Correspondence (Audiobook)
Paul Celan (1920-70) is one of the best-known German poets of the Holocaust; many of his poems, admired for their spare, precise diction, deal directly with its stark themes. Austrian writer Ingeborg Bachmann (1926-73) is recognized as one of post-World War II German literature’s most important novelists, poets, and playwrights.
It seems only appropriate that these two contemporaries and masters of language were at one time lovers, and they shared a lengthy, artful, and passionate correspondence.
Collected here for the first time in English are their letters, written between 1948 and 1961. Their correspondence forms a moving testimony of the discourse of love in the age after Auschwitz, with all the symptomatic disturbances and crises caused by their conflicting backgrounds and their hard-to-reconcile designs for living—as a woman, as a man, as writers.

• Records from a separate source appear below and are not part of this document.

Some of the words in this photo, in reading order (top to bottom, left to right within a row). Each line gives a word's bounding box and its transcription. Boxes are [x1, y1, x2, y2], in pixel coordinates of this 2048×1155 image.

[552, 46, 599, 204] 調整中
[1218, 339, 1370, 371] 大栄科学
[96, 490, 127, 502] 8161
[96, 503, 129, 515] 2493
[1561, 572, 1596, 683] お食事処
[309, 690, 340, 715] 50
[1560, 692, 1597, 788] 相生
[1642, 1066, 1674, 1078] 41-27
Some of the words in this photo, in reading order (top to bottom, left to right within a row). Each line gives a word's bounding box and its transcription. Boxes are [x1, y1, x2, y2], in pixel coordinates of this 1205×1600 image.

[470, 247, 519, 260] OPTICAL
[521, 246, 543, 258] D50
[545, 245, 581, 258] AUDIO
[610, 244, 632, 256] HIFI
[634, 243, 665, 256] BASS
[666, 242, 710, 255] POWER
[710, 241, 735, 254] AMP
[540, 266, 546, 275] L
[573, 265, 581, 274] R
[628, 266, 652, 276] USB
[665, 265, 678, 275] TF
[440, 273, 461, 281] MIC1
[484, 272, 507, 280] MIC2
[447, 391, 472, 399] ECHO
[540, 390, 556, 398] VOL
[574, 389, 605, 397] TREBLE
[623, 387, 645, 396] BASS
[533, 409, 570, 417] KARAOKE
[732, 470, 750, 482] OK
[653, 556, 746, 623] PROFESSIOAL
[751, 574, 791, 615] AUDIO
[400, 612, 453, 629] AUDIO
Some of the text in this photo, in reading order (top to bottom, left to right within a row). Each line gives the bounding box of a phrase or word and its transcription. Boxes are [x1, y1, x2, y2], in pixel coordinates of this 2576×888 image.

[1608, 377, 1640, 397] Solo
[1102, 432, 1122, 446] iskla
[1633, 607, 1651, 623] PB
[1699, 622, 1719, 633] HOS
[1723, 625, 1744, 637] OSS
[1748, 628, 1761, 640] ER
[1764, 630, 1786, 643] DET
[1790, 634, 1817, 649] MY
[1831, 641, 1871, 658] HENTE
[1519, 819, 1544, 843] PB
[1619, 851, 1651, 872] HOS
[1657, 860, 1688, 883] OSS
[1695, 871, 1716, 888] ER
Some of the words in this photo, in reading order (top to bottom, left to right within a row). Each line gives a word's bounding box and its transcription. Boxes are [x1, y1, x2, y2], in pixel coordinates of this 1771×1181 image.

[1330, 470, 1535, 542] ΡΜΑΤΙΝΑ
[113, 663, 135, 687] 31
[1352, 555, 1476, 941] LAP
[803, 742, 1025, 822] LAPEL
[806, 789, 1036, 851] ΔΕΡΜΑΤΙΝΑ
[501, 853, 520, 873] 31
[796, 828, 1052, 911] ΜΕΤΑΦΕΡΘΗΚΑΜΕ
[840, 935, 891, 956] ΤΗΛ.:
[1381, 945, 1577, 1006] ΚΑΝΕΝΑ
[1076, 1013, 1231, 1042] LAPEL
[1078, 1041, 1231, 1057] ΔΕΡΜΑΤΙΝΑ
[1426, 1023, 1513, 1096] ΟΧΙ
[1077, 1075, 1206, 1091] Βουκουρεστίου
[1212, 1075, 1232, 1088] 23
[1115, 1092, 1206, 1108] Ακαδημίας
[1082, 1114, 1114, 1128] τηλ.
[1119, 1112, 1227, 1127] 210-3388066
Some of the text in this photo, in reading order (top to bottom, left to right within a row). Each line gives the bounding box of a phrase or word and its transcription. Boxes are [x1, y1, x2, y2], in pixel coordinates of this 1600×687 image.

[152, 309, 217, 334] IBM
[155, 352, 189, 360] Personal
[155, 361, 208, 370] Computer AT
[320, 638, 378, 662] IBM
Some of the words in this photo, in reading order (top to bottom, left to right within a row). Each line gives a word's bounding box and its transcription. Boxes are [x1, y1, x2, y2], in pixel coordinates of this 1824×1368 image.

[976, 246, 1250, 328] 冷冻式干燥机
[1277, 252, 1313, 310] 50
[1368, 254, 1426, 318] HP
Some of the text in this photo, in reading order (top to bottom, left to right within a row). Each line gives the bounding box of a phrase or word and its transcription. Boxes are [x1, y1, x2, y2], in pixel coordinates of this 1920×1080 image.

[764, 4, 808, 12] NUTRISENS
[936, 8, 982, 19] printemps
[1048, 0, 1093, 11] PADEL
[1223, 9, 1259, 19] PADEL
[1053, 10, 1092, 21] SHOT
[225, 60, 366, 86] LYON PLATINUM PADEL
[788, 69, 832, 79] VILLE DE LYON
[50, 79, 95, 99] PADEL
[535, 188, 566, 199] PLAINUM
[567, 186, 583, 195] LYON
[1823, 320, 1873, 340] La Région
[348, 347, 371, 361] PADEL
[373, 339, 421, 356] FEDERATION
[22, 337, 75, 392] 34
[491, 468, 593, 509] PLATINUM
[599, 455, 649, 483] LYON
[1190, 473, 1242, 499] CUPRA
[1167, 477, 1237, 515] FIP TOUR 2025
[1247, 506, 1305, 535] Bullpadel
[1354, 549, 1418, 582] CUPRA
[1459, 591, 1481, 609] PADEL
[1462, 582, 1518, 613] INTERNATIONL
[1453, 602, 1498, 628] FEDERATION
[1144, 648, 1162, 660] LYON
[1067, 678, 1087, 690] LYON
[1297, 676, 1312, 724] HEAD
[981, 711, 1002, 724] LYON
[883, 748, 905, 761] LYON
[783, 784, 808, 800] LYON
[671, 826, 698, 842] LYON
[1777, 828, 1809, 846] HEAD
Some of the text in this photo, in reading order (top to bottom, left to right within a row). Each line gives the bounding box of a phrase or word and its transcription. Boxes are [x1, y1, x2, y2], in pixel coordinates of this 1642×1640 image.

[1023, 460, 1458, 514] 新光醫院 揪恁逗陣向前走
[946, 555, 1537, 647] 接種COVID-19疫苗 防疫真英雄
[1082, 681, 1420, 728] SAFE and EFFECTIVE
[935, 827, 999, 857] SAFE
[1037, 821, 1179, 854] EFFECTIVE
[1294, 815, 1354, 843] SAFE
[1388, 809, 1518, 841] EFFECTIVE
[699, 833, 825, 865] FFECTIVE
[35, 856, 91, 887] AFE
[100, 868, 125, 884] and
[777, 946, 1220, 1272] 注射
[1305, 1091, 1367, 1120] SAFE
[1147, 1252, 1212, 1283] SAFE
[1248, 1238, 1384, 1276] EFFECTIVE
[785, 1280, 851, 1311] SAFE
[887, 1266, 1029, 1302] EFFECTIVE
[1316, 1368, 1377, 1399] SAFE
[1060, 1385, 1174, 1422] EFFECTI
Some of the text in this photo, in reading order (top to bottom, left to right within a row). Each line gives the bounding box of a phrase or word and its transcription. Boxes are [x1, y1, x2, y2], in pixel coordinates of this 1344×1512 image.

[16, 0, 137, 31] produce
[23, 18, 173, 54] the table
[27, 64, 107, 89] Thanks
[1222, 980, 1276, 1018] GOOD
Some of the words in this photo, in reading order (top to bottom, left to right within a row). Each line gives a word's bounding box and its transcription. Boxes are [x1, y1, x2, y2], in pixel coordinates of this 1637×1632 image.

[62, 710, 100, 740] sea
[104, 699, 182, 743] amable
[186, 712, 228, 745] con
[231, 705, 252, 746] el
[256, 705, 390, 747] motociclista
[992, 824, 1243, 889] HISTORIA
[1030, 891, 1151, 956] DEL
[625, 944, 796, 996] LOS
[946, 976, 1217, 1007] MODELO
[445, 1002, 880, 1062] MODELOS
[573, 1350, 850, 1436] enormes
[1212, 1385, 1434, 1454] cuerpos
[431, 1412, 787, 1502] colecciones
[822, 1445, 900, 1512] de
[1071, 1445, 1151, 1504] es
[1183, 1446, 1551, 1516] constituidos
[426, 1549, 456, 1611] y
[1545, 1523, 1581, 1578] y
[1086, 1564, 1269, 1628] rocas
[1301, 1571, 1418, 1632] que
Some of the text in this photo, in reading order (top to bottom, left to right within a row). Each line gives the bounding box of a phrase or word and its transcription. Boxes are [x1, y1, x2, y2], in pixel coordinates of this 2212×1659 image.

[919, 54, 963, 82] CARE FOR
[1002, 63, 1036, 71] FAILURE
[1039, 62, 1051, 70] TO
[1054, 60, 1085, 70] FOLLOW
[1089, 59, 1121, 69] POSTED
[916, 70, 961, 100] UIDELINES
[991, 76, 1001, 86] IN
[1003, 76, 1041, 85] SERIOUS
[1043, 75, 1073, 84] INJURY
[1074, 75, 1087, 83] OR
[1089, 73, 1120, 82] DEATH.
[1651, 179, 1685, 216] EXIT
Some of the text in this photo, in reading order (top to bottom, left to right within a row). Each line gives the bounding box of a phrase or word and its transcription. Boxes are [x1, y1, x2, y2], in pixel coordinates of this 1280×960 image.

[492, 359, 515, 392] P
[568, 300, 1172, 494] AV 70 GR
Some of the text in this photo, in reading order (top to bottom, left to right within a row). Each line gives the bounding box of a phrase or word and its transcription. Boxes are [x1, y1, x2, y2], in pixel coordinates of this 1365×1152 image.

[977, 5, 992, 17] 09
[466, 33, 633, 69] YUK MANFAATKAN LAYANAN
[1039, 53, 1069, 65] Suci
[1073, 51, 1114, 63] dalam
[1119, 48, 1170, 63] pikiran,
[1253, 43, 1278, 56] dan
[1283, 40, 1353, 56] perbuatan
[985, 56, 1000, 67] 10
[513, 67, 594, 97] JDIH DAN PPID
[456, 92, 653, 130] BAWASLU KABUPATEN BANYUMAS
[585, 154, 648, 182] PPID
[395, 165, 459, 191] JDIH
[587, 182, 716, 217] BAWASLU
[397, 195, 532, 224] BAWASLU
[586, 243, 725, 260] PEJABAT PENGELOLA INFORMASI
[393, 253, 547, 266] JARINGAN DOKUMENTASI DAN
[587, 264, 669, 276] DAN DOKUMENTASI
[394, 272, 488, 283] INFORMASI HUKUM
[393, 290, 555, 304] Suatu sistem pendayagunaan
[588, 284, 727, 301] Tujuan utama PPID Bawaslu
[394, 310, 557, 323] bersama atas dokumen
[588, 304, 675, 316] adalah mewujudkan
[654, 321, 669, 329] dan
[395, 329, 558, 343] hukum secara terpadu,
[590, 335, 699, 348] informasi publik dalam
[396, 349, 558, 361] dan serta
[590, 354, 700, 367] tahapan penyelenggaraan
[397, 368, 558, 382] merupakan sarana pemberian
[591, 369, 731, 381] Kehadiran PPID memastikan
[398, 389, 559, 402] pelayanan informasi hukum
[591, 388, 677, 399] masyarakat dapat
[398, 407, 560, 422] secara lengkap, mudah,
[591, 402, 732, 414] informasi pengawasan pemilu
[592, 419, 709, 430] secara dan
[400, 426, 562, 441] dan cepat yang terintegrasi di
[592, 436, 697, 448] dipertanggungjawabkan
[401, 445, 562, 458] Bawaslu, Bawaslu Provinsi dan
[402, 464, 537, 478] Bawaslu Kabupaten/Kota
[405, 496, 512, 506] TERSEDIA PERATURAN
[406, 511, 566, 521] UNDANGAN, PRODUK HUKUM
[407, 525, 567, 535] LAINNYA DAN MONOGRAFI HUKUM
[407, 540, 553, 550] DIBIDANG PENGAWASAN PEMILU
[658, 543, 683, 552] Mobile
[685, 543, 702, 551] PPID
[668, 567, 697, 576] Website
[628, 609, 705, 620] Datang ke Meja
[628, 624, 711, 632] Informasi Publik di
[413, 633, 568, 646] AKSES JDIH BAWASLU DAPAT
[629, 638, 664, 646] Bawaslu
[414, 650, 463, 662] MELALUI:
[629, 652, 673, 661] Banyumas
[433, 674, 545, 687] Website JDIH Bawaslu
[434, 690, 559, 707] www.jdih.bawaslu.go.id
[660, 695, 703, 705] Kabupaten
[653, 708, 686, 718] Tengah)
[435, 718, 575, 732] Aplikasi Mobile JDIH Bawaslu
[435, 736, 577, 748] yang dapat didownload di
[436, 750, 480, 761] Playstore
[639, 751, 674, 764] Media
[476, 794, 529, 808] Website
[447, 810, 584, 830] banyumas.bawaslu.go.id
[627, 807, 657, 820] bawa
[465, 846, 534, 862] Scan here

‘Wieland Hoban has worked with accuracy and determination to capture the nuances of style and register, which include oblique awkwardness (Celan) and self-assuredness (Bachmann), alongside infinite courage and astounding strength (Celan-Lestrange). The translation reads well, with just a slight edge of the original diction remaining to remind readers that we are witnessing a different time and place, and way of perceiving the world. . . . This is an important addition tot he work in translation of two major post-war writers.’—Times Literary Supplement
‘This book is highly recommended. You cannot possibly be disappointed by it, especially if you are familiar with these writers’ literary output, each of which left the world a completely original, masterful, and highly influential body of work. The letters move from youthful heartbreak and poetical exuberance to the destructive later exchanges between two people who cannot trust one another although they are, until the end, drawn to each other. It’s not a book you read and shelve. It’s a book to read and reread, a book to treasure.’—Shigekuni. Read the lengthy, detailed and enligtening review of the book here.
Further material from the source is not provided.